RISARCIMENTO TERZO TRASPORTATO SENZA CINTURA DI SICUREZZA

Avv. Riccarda Greco

 

Pavia, 9 gennaio 2026

La recente pronuncia n. 26723 del 4 ottobre 2025 della Corte di Cassazione torna su un argomento importante in materia di diritto al risarcimento del terzo trasportato sul sedile posteriore, privo della cintura di sicurezza allacciata.

Nella vita quotidiana, il trasportato sul sedile lato conducente è pressoché sempre salvaguardato con la cintura di sicurezza, avendo di fatto la legge raggiunto in ambito sociale diffuso il suo scopo di general prevenzione. Diversamente invece per il trasportato sul sedile posteriore, che, nonostante la vigenza dell’obbligo di viaggiare con la cintura di sicurezza agganciata, spesso ancora tralascia questo incombente.

Partendo dal presupposto che la negligenza posta in essere dal trasportato che non adempie al suo dovere principale di agganciare la cintura di sicurezza esiste e va valutata come condotta autonoma, la domanda che ci si deve porre è se anche il conducente del mezzo debba in qualche modo rispondere a titolo di colpa, nel caso in cui il trasportato subisca danni dipendenti dalla condotta di guida non corretta.

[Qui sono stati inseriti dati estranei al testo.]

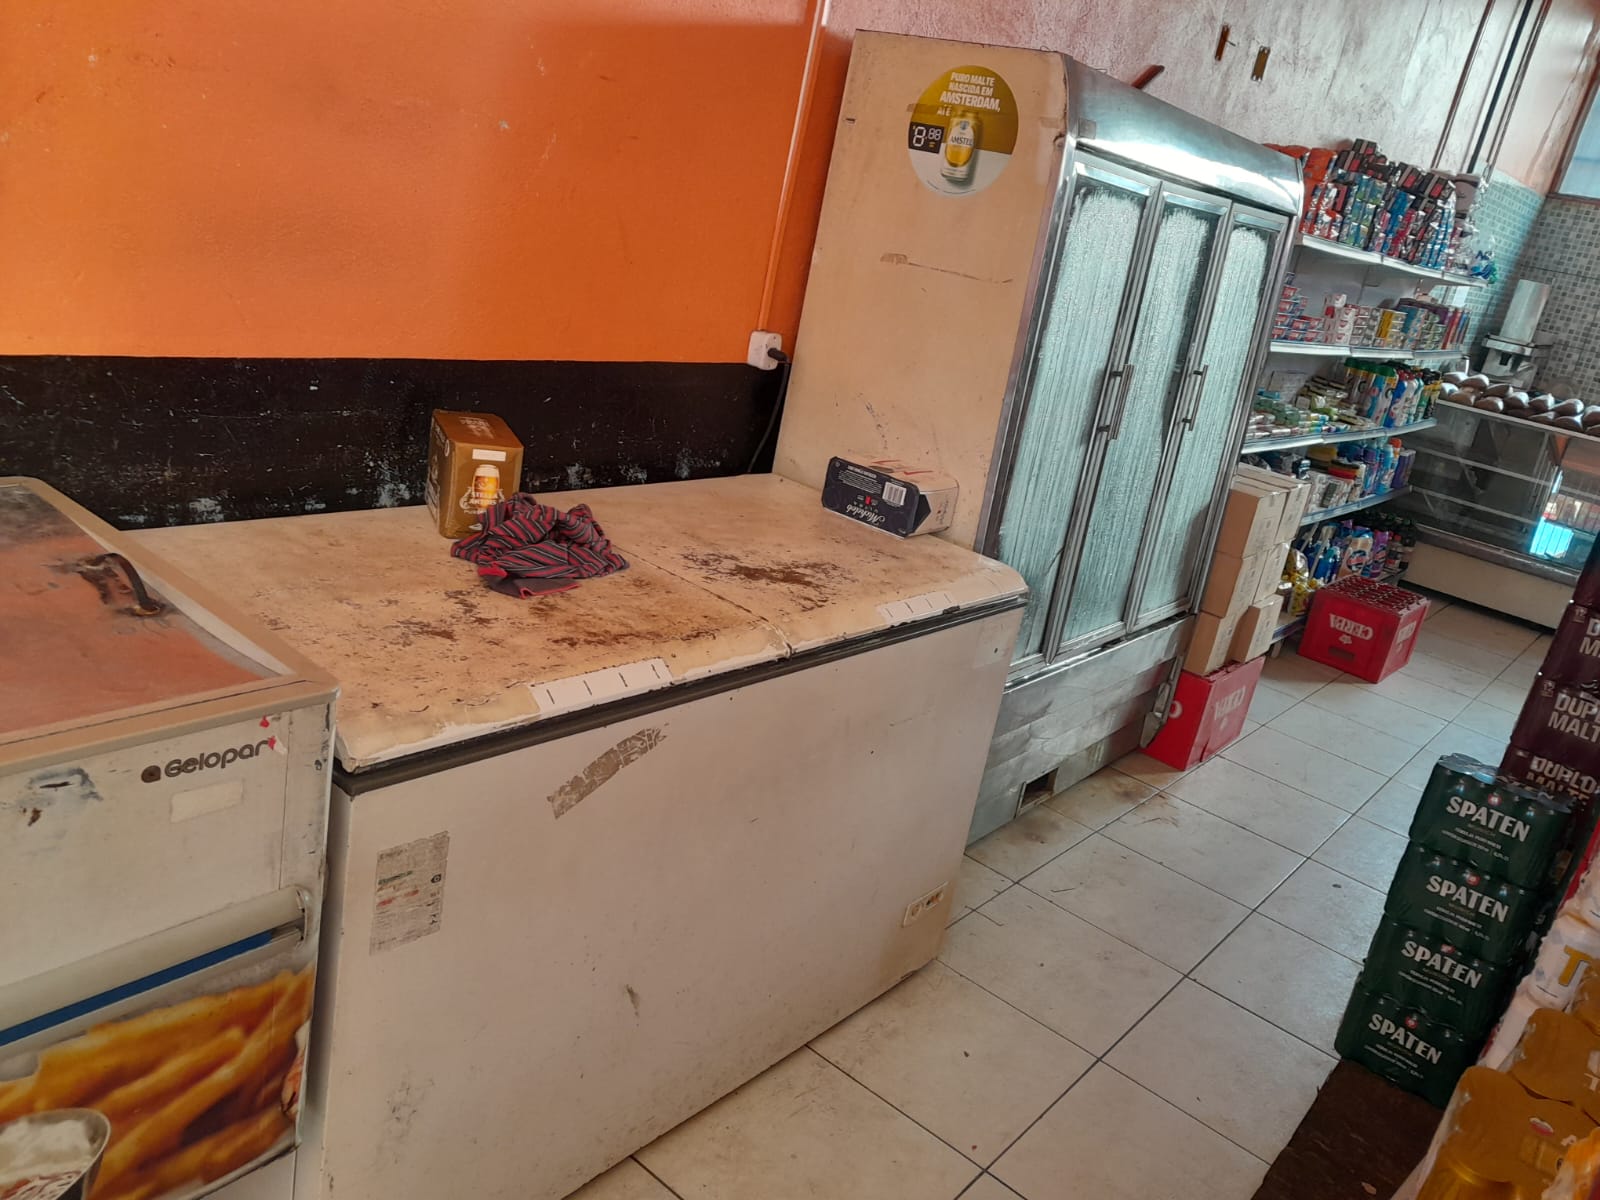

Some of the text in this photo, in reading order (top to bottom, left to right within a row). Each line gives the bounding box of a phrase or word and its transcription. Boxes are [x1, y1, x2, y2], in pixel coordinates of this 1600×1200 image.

[949, 82, 993, 96] NASCIDA EM
[951, 72, 995, 86] PURO MALTE
[1547, 709, 1600, 743] MALT
[1446, 795, 1531, 843] SPATEN
[1425, 874, 1510, 923] SPATEN
[1401, 940, 1483, 990] SPATEN
[1368, 1013, 1443, 1066] SPATEN

L’articolo del codice civile che considera la rilevanza della condotta colpevole del danneggiato è il 1227: << Se il fatto colposo del creditore ha concorso a cagionare il danno, il risarcimento è diminuito secondo la gravità della colpa e l'entità delle conseguenze che ne sono derivate.

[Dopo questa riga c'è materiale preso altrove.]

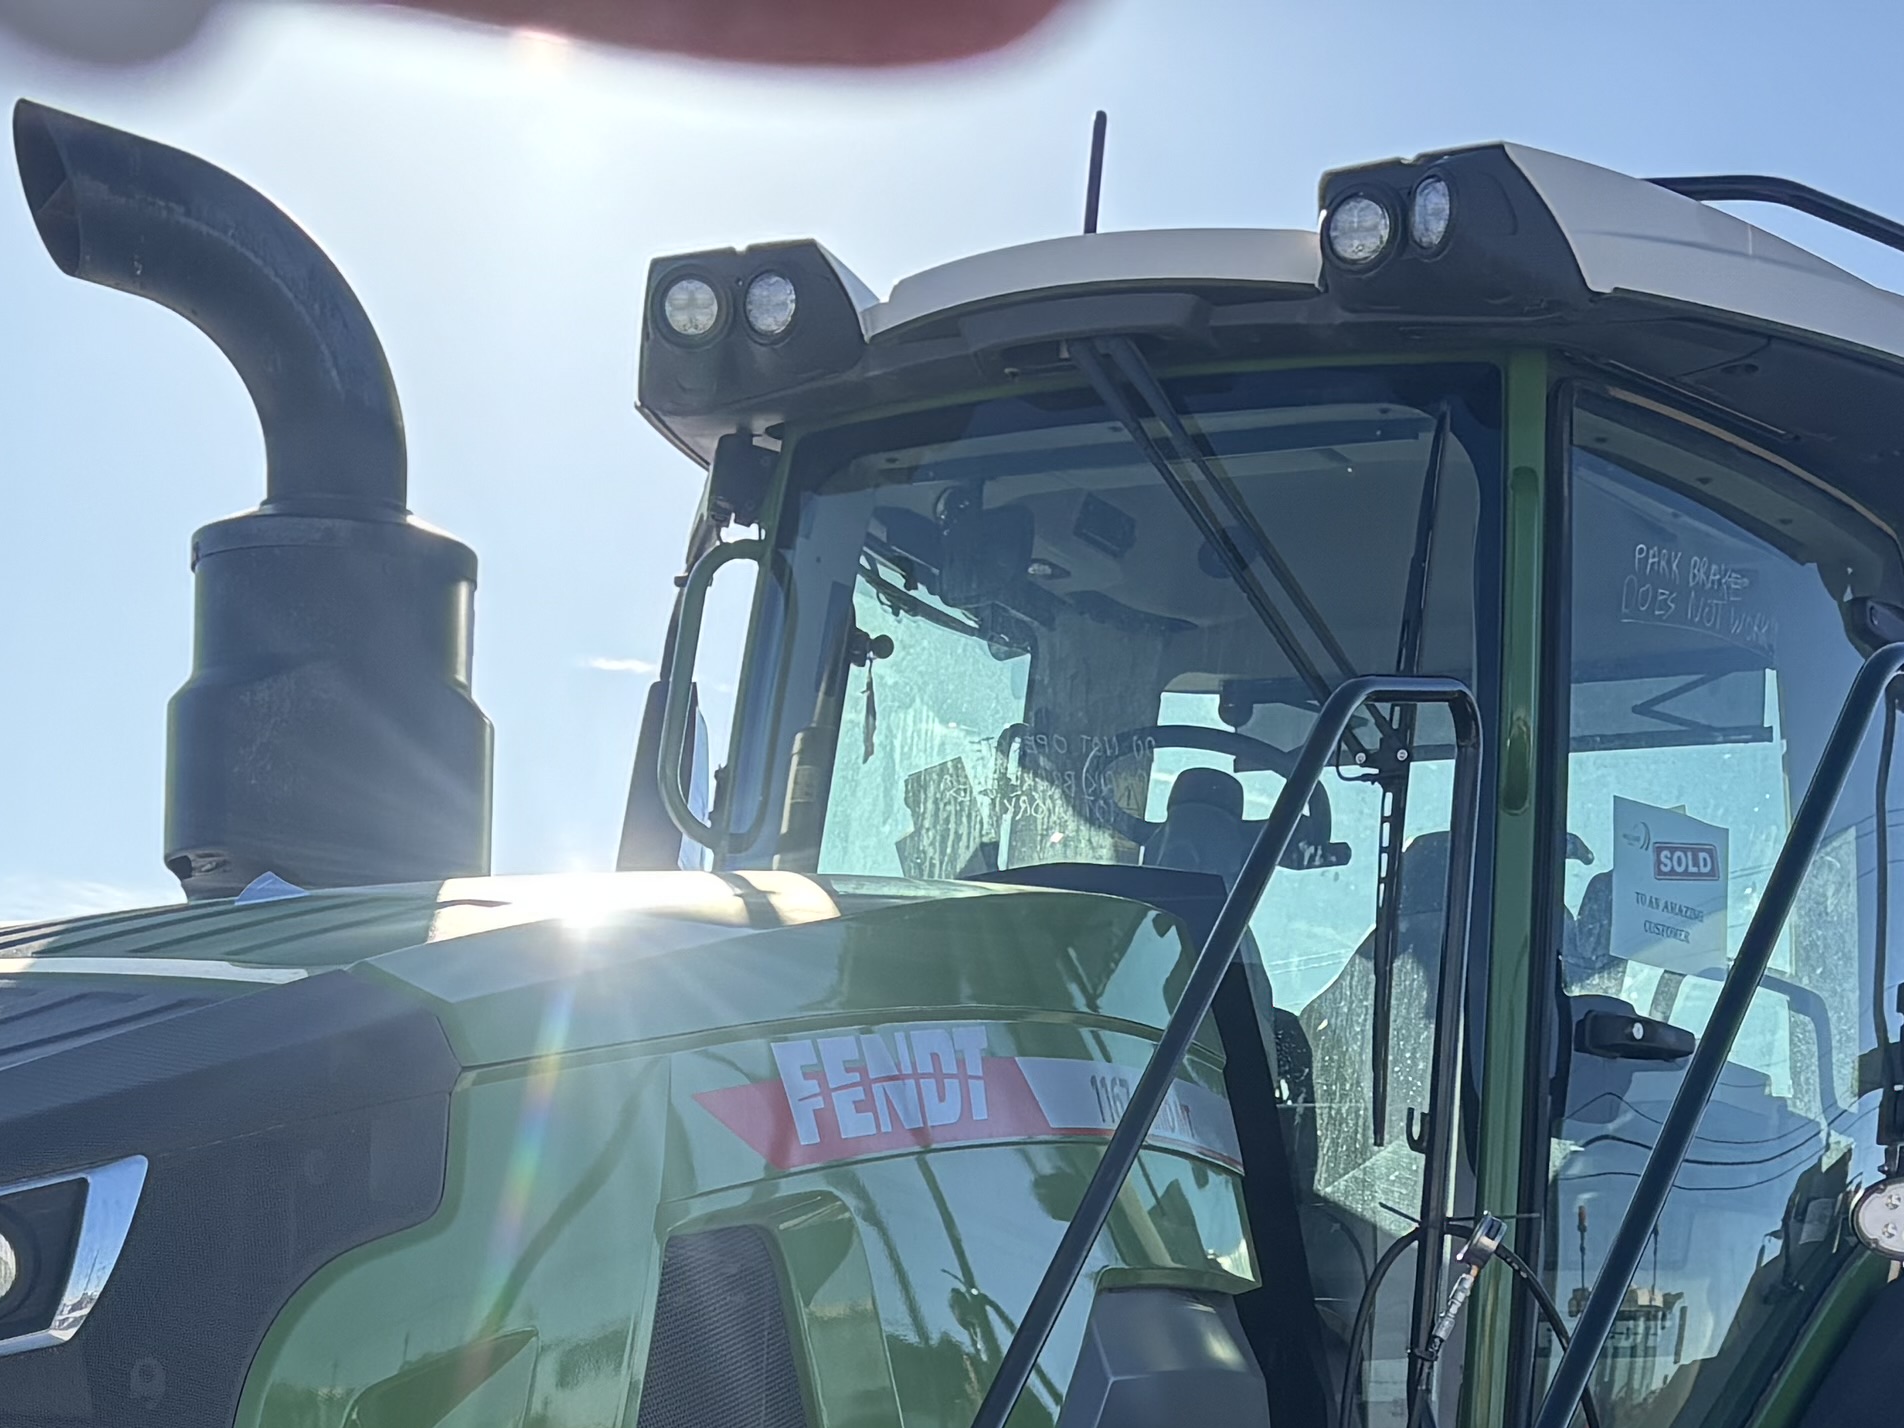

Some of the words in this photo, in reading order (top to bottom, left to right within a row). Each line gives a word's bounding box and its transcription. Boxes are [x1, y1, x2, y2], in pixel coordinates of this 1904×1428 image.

[1635, 544, 1682, 584] PARK
[1689, 556, 1749, 601] BRAKE
[1621, 574, 1677, 620] DOES
[1688, 590, 1728, 630] NOT
[1660, 851, 1712, 873] SOLD
[1662, 900, 1704, 923] AMAZING
[1644, 920, 1690, 944] CUSTOMER
[771, 1026, 989, 1145] FENDT

Il risarcimento non è dovuto per i danni che il creditore avrebbe potuto evitare usando l’ordinaria diligenza >>.

Quindi, il creditore danneggiato che mantiene una condotta inidonea a prevenire il verificarsi del danno, in concorso con il fatto del debitore conducente, vedrà ridotto il risarcimento a lui spettante in proporzione al suo grado di colpa, nonché in base al giudizio per cui, tra le due condotte colpose, quale abbia prodotto in modo prevalente il verificarsi del danno.

In giurisprudenza, è stato ripetutamente stabilito che, prima di iniziare il viaggio, il conducente del mezzo deve controllare che tutte le regole, sia quelle legislative del codice della strada ma che quelle generali di prudenza, di diligenza e di sicurezza siano compiutamente rispettate da tutte le persone presenti sul veicolo.

La responsabilità tra trasportato senza cintura e conducente colpevole del sinistro stradale va quindi ripartita tra questi due soggetti.

Il conducente allora ben può esigere che il suo trasportato indossi sempre e comunque la cintura di sicurezza, salvo le eccezioni consentite dalla legge ex art. 172 VIII° c c.d. strada, che ripetiamo: gli appartenenti alle forze di polizia e ai corpi di polizia municipale e provinciale nell'espletamento di un servizio di emergenza; i conducenti e gli addetti dei veicoli del servizio antincendio e sanitario in caso di intervento di emergenza; i conducenti dei veicoli con allestimenti specifici per la raccolta e per il trasporto di rifiuti e dei veicoli ad uso speciale, quando sono impiegati in attività di igiene ambientale nell'ambito dei centri abitati, comprese le zone industriali e artigianali; gli appartenenti ai servizi di vigilanza privati regolarmente riconosciuti che effettuano scorte; gli istruttori di guida quando esplicano le funzioni previste dall'articolo 122, comma 2; le persone che risultino, sulla base di certificazione rilasciata dalla unità sanitaria locale o dalle competenti autorità di altro Stato membro delle Comunità europee, affette da patologie particolari o che presentino condizioni fisiche che costituiscono controindicazione specifica all'uso dei dispositivi di ritenuta; le donne in stato di gravidanza sulla base della certificazione rilasciata dal ginecologo curante che comprovi condizioni di rischio particolari conseguenti all'uso delle cinture di sicurezza; i passeggeri dei veicoli M2 ed M3 autorizzati al trasporto di passeggeri in piedi ed adibiti al trasporto locale e che circolano in zona urbana; gli appartenenti alle forze armate nell'espletamento di attività istituzionali nelle situazioni di emergenza.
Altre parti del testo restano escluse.